PROBLEM DETAILS >>
In the data below, reproduce everything exactly except the images.

RECORDS PROVIDED >>
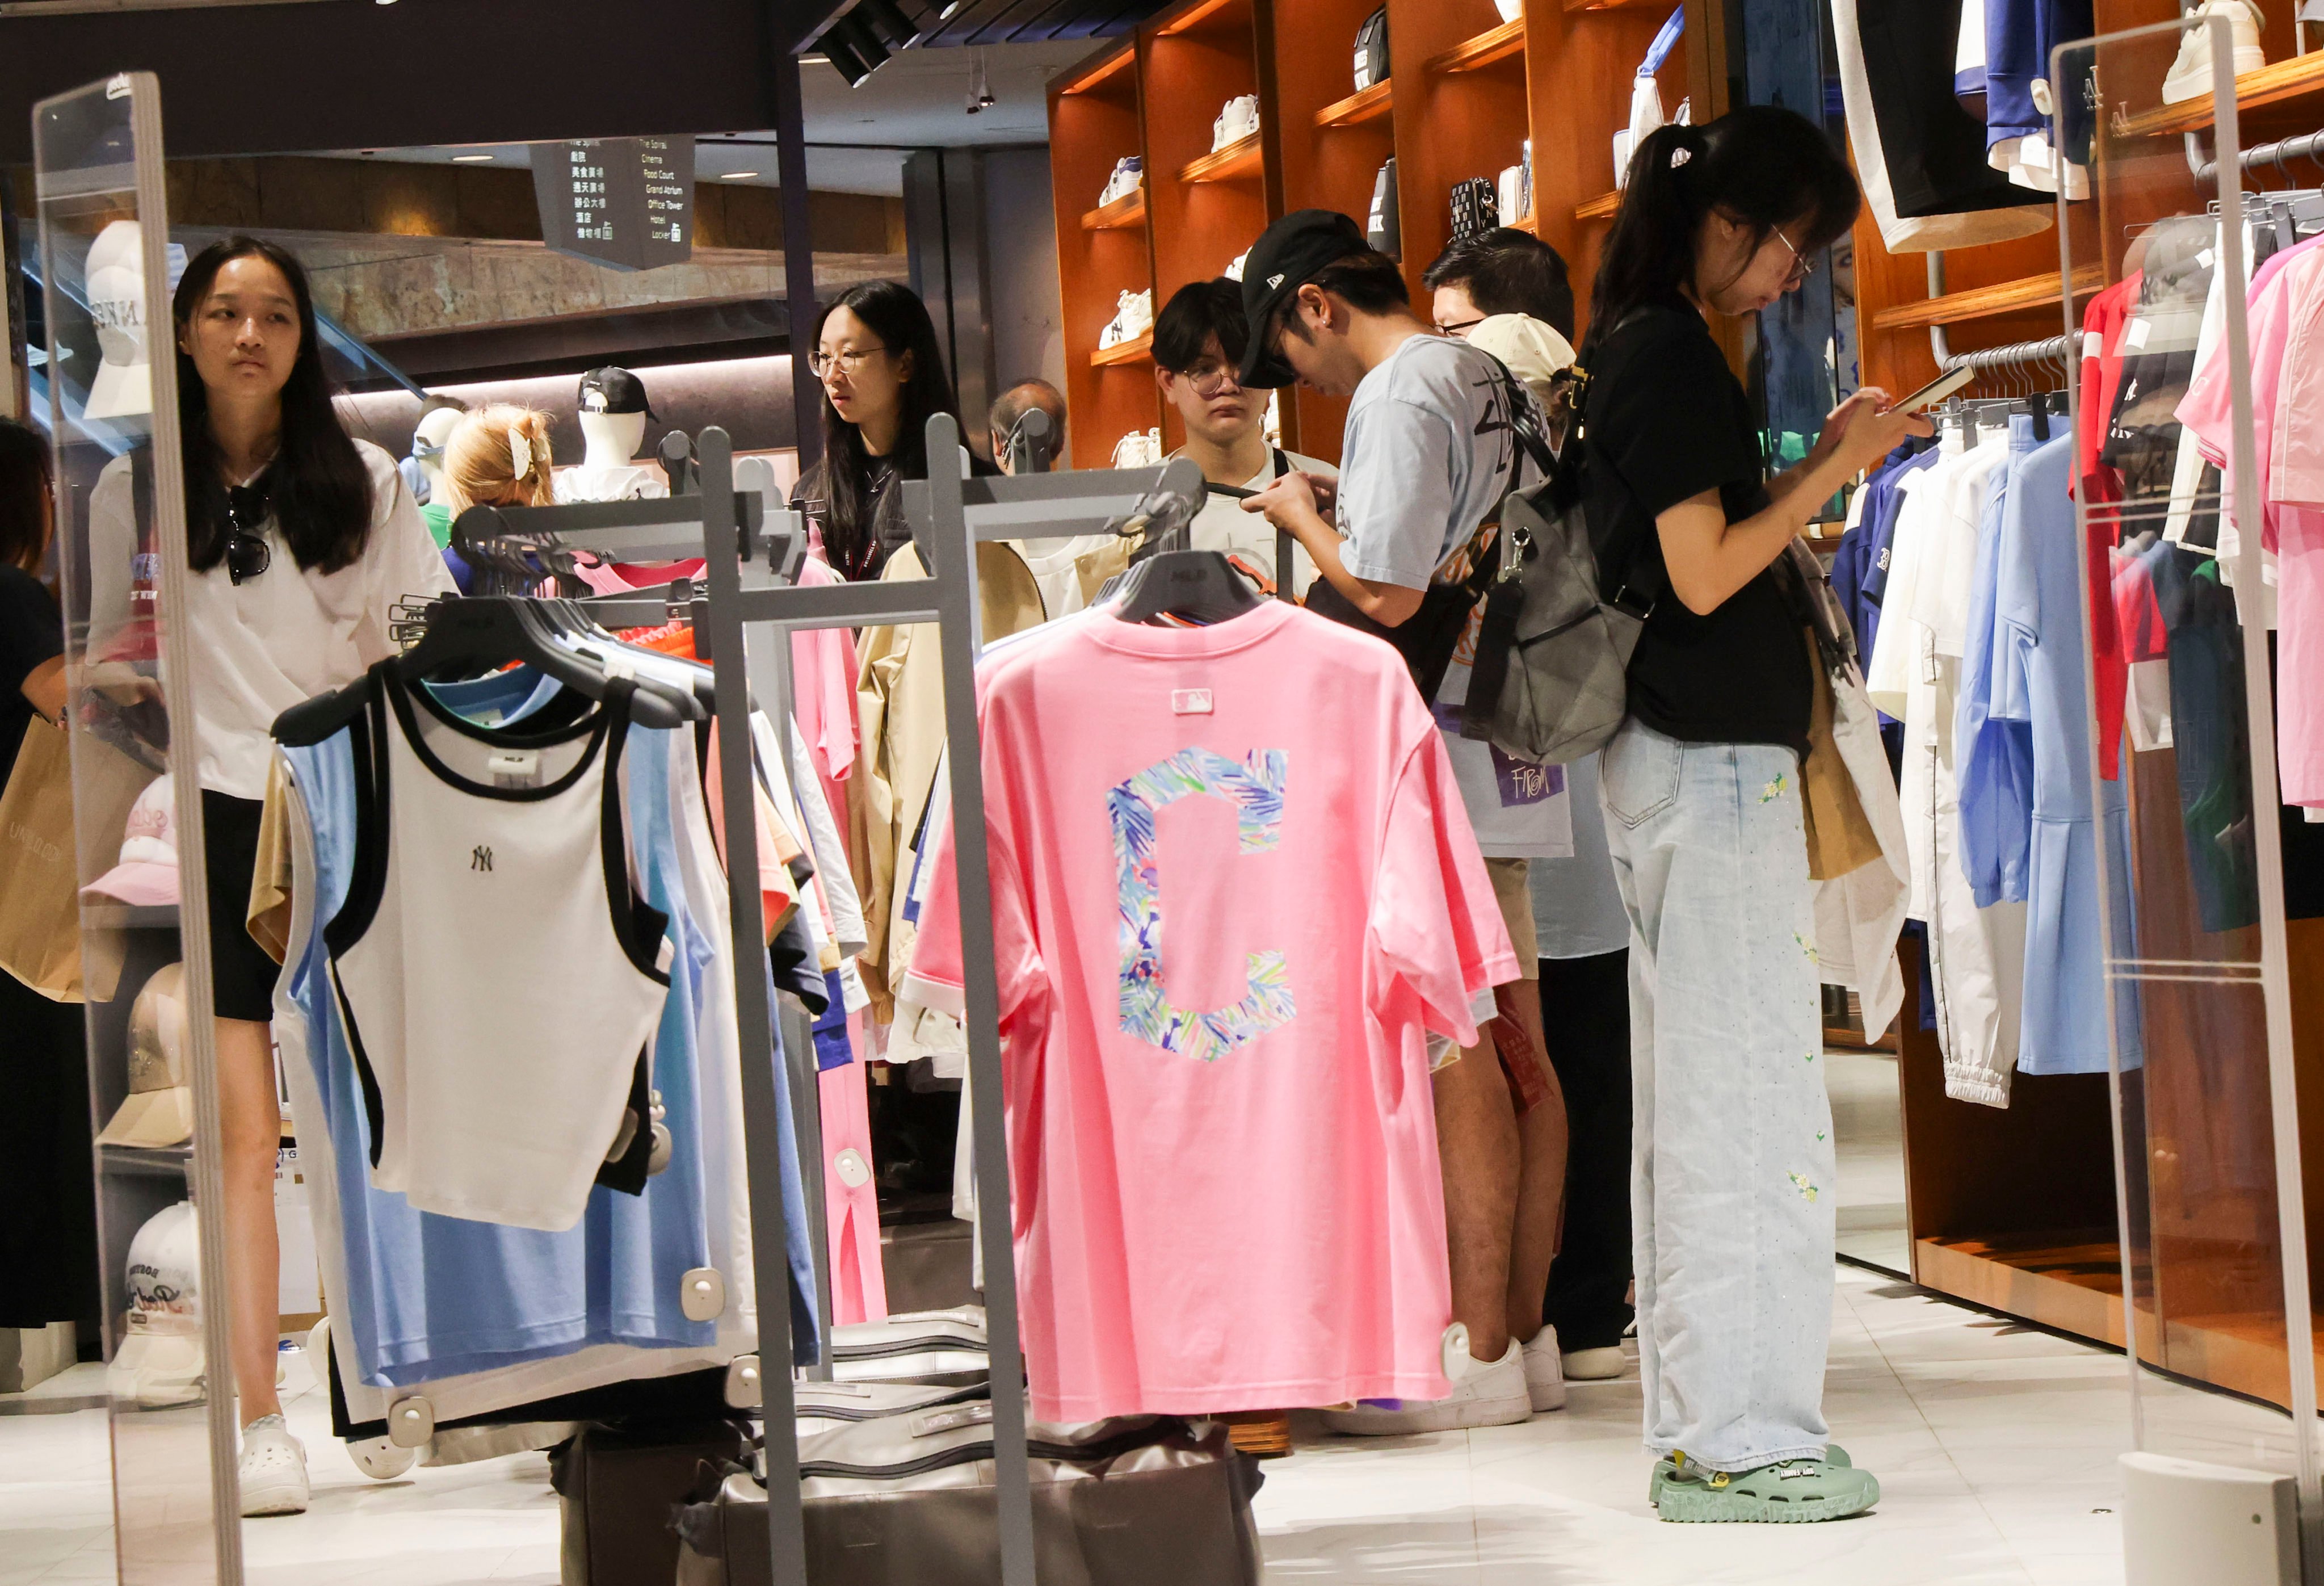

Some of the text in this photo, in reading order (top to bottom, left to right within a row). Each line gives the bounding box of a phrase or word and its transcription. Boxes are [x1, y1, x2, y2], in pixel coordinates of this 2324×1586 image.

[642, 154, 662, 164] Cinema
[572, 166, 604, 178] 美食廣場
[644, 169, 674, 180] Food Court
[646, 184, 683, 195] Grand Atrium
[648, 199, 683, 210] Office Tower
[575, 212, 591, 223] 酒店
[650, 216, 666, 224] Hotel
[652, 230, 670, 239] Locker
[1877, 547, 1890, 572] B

EXPECTED ANSWER >>
Some of the text in this photo, in reading order (top to bottom, left to right within a row). Each line gives the bounding box of a phrase or word and its transcription. Boxes are [x1, y1, x2, y2], in pixel coordinates of this 2324×1586 image.

[642, 154, 662, 164] Cinema
[572, 166, 604, 178] 美食廣場
[644, 169, 674, 180] Food Court
[646, 184, 683, 195] Grand Atrium
[648, 199, 683, 210] Office Tower
[575, 212, 591, 223] 酒店
[650, 216, 666, 224] Hotel
[652, 230, 670, 239] Locker
[1877, 547, 1890, 572] B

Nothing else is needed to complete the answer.